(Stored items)

──────────

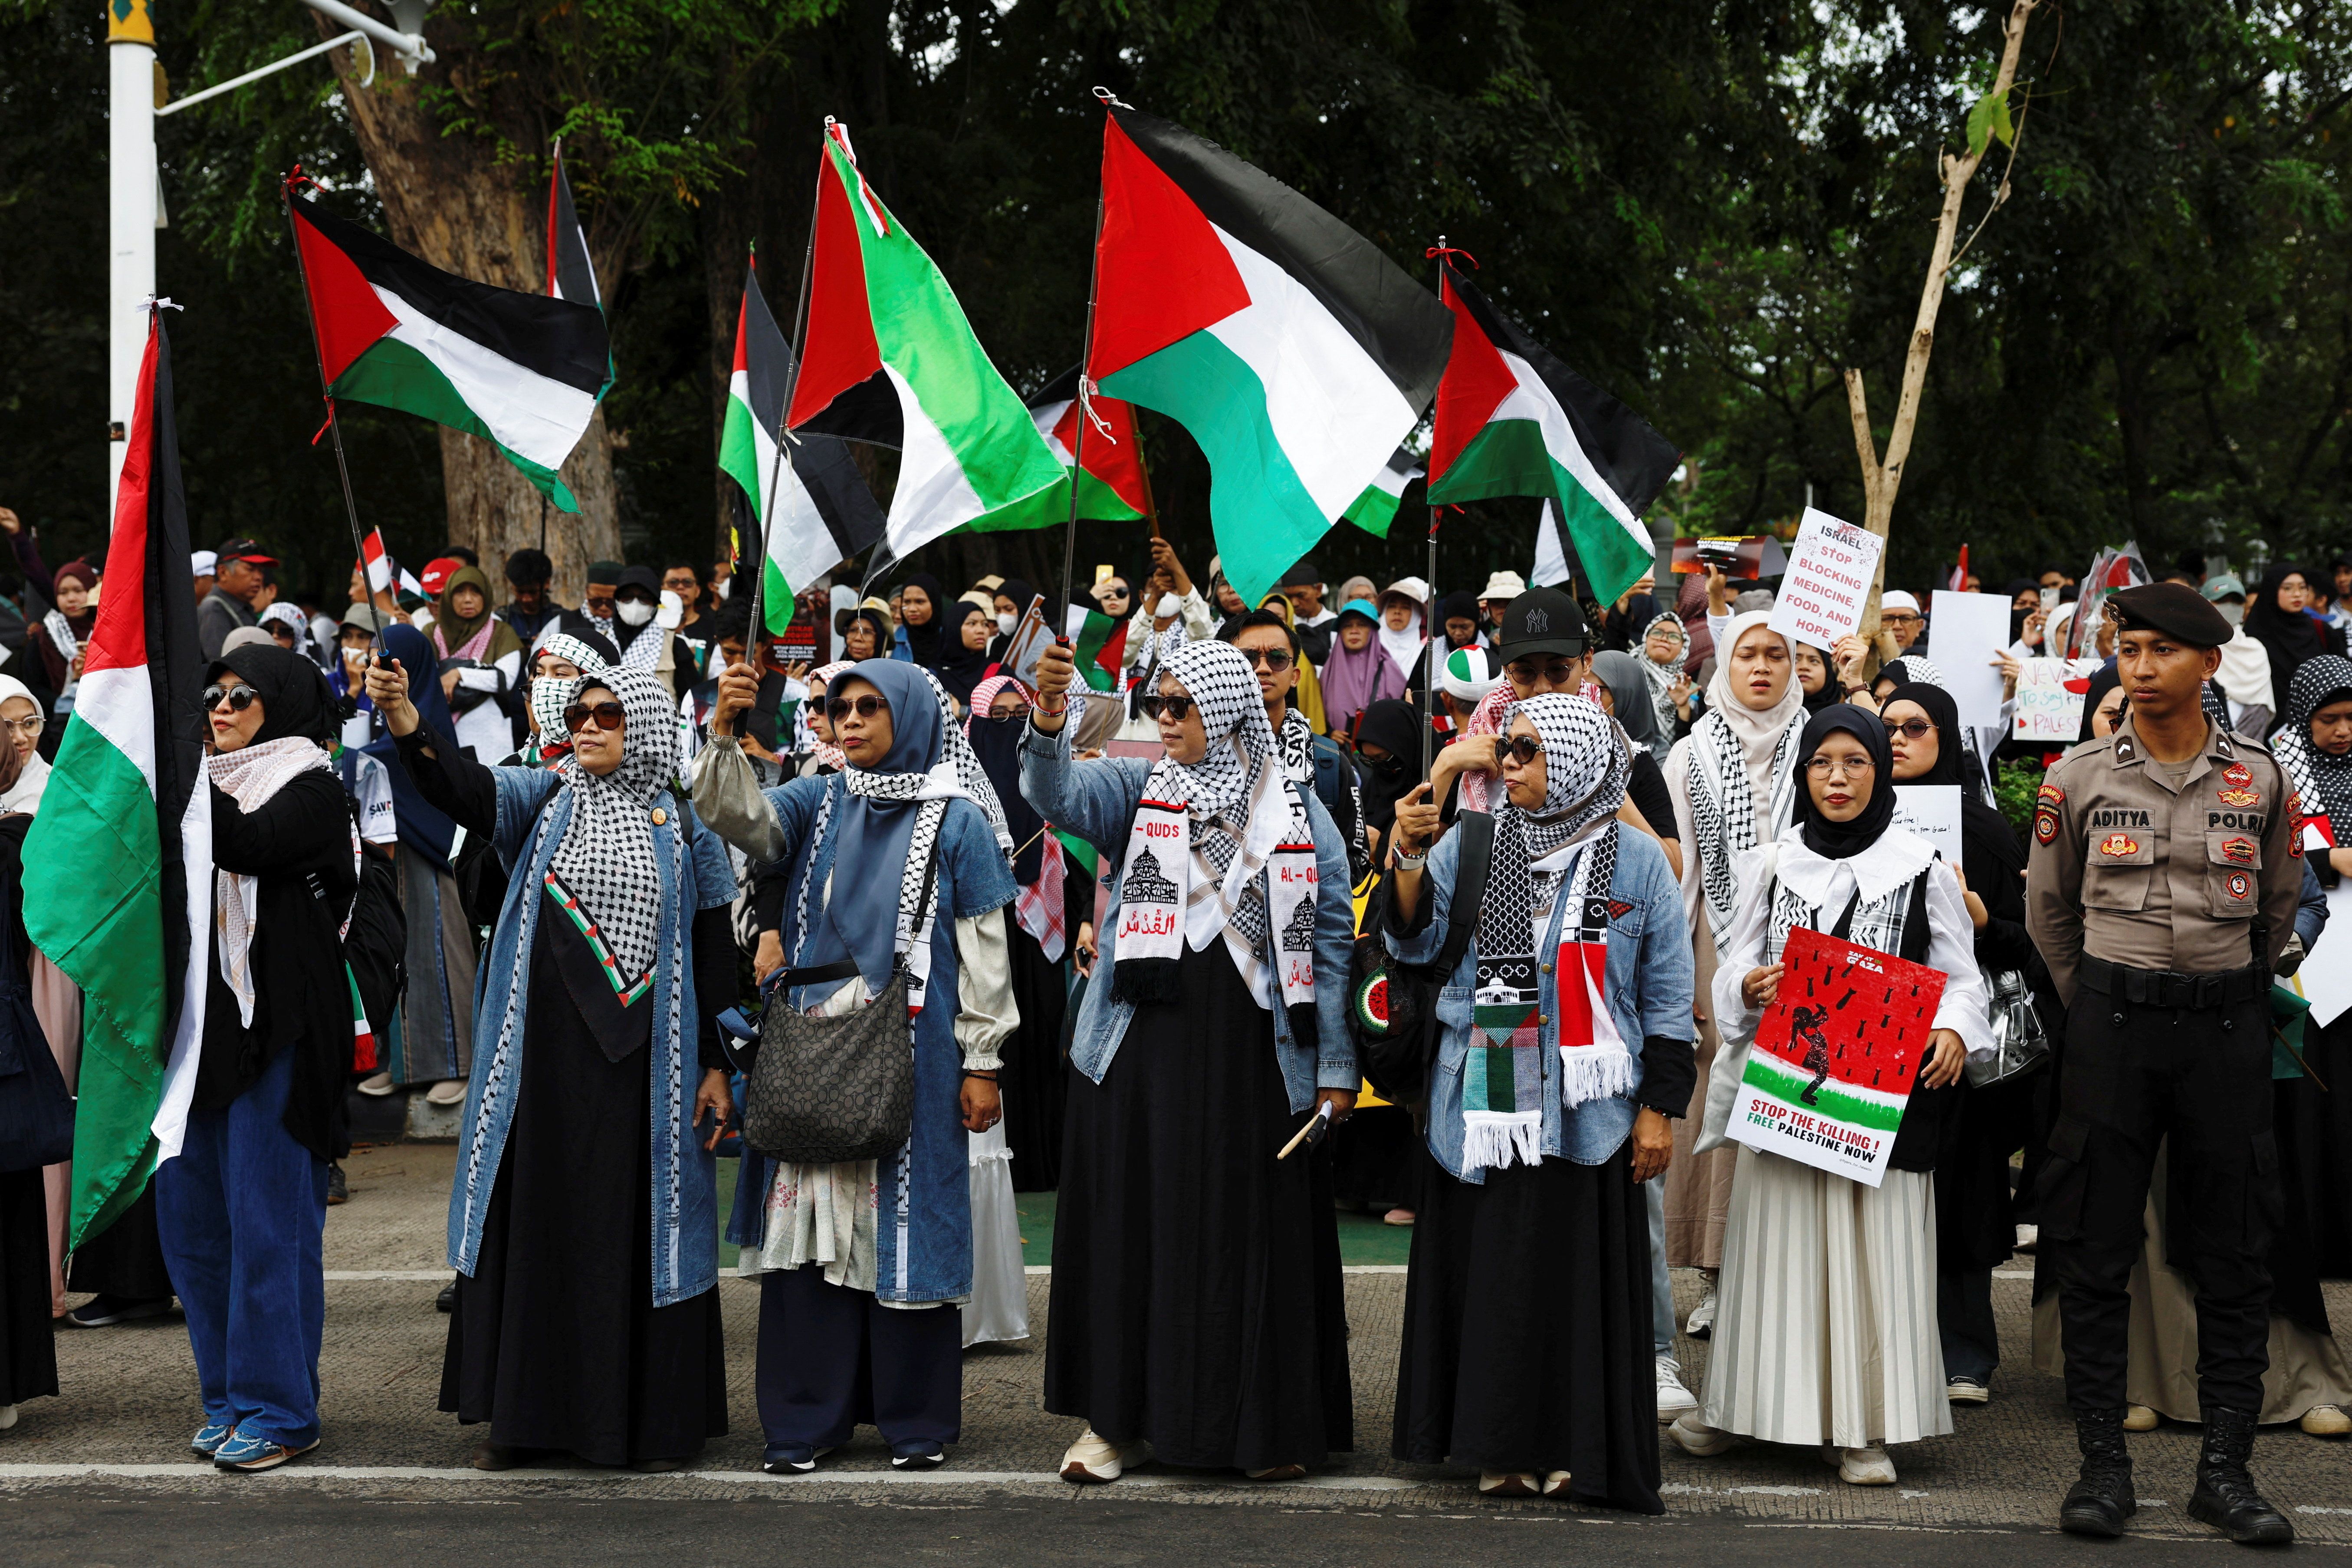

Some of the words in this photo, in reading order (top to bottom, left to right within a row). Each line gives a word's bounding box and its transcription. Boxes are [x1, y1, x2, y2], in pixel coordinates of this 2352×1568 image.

[1821, 526, 1861, 550] ISRAEL
[1820, 546, 1852, 564] STOP
[1799, 558, 1861, 589] BLOCKING
[1793, 576, 1855, 610] MEDICINE,
[1786, 594, 1822, 617] FOOD,
[1826, 610, 1852, 626] AND
[1796, 618, 1831, 638] HOPE
[369, 801, 391, 815] SAVE
[2092, 810, 2149, 827] ADITYA
[2208, 812, 2263, 832] POLRI
[1846, 956, 1883, 974] GAZA
[1848, 950, 1874, 962] ZAKAT
[1751, 1099, 1787, 1120] STOP
[1790, 1111, 1816, 1131] THE
[1817, 1121, 1871, 1150] KILLING
[1747, 1111, 1775, 1129] FREE
[1778, 1122, 1842, 1153] PALESTINE
[1844, 1144, 1876, 1164] NOW
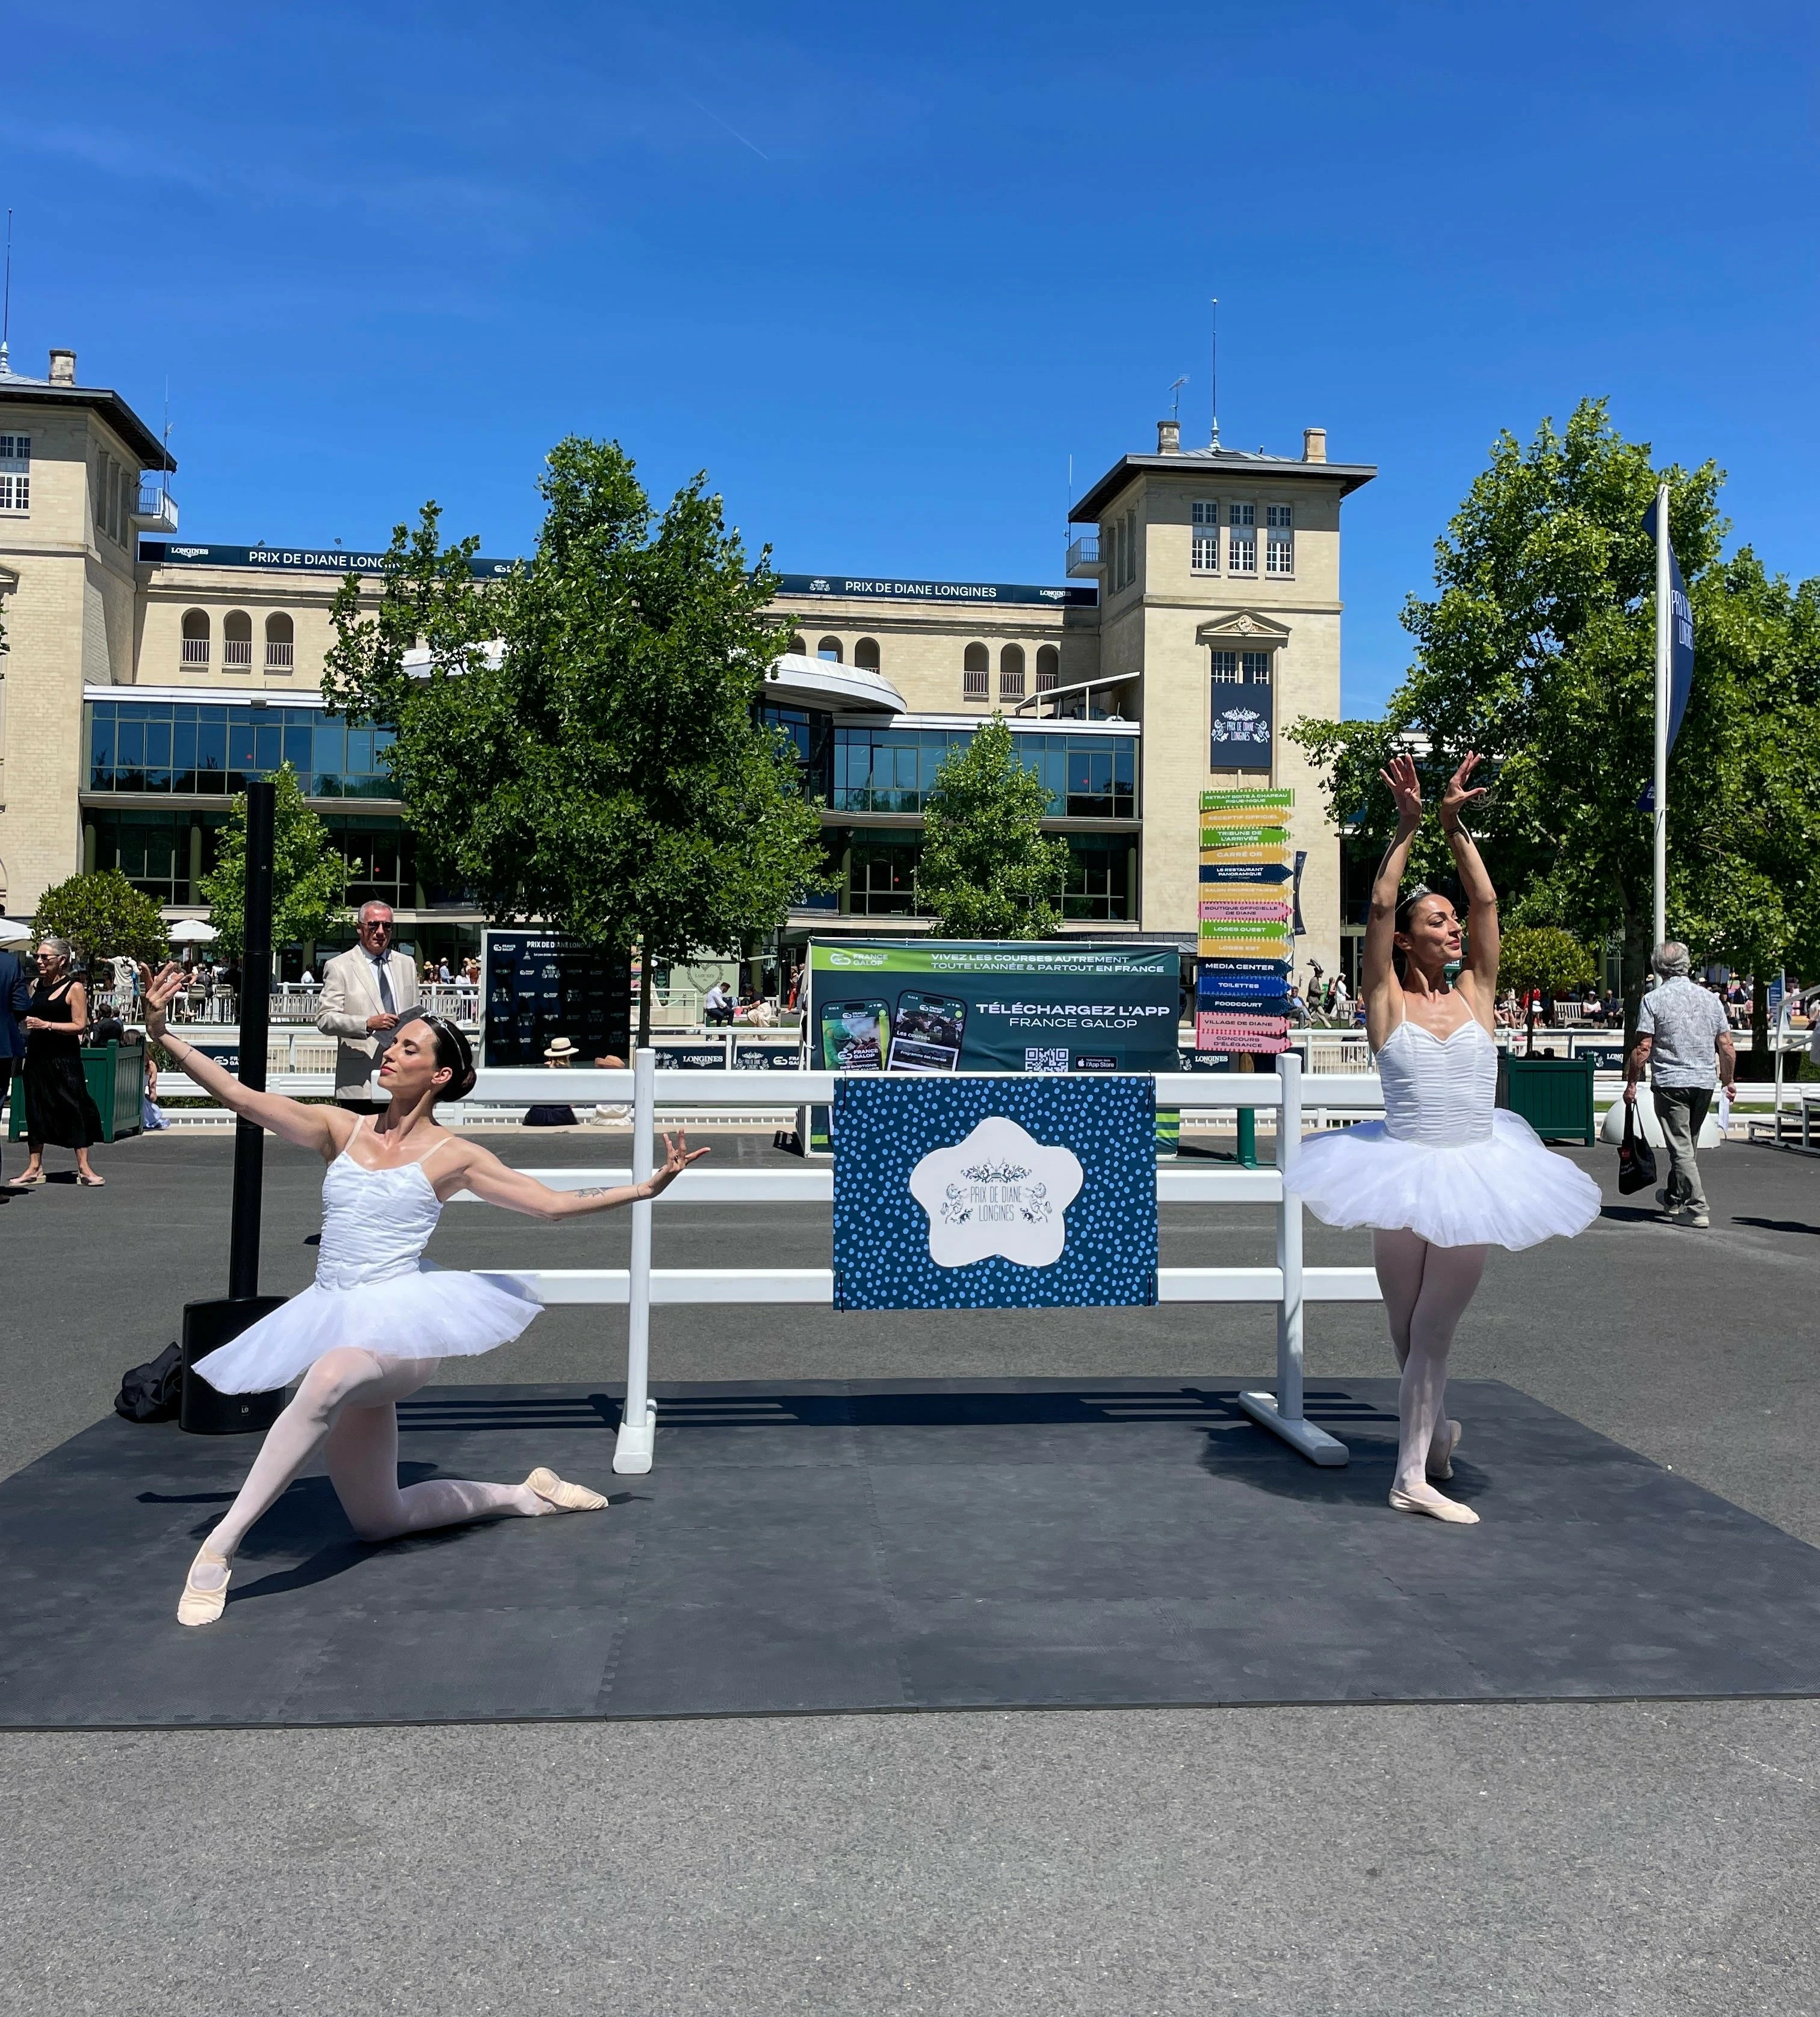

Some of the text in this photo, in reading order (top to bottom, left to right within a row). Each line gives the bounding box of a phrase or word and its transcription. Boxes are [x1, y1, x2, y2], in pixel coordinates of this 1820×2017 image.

[249, 551, 280, 564] PRIX
[283, 552, 302, 565] DE
[304, 554, 347, 566] DIANE
[845, 581, 997, 598] PRIX DE DIANE LONGINES
[976, 1002, 1116, 1016] TÉLÉCHARGEZ
[1009, 1017, 1138, 1029] FRANCE GALOP
[908, 1032, 930, 1041] courses
[970, 1185, 1023, 1203] PRIX DE DIANE
[979, 1204, 1015, 1222] LONGINES

──────────

Instructions to follow. Reproduce all entries without any change, and omit the pictures.

Solution to the problem.
Some of the words in this photo, in reading order (top to bottom, left to right within a row). Each line gives a word's bounding box and its transcription. Boxes are [x1, y1, x2, y2], in pixel coordinates of this 2352×1568 image.

[1821, 526, 1861, 550] ISRAEL
[1820, 546, 1852, 564] STOP
[1799, 558, 1861, 589] BLOCKING
[1793, 576, 1855, 610] MEDICINE,
[1786, 594, 1822, 617] FOOD,
[1826, 610, 1852, 626] AND
[1796, 618, 1831, 638] HOPE
[369, 801, 391, 815] SAVE
[2092, 810, 2149, 827] ADITYA
[2208, 812, 2263, 832] POLRI
[1846, 956, 1883, 974] GAZA
[1848, 950, 1874, 962] ZAKAT
[1751, 1099, 1787, 1120] STOP
[1790, 1111, 1816, 1131] THE
[1817, 1121, 1871, 1150] KILLING
[1747, 1111, 1775, 1129] FREE
[1778, 1122, 1842, 1153] PALESTINE
[1844, 1144, 1876, 1164] NOW

Some of the text in this photo, in reading order (top to bottom, left to right within a row). Each line gives the bounding box of a phrase or word and its transcription. Boxes are [x1, y1, x2, y2], in pixel coordinates of this 1820×2017 image.

[249, 551, 280, 564] PRIX
[283, 552, 302, 565] DE
[304, 554, 347, 566] DIANE
[845, 581, 997, 598] PRIX DE DIANE LONGINES
[976, 1002, 1116, 1016] TÉLÉCHARGEZ
[1009, 1017, 1138, 1029] FRANCE GALOP
[908, 1032, 930, 1041] courses
[970, 1185, 1023, 1203] PRIX DE DIANE
[979, 1204, 1015, 1222] LONGINES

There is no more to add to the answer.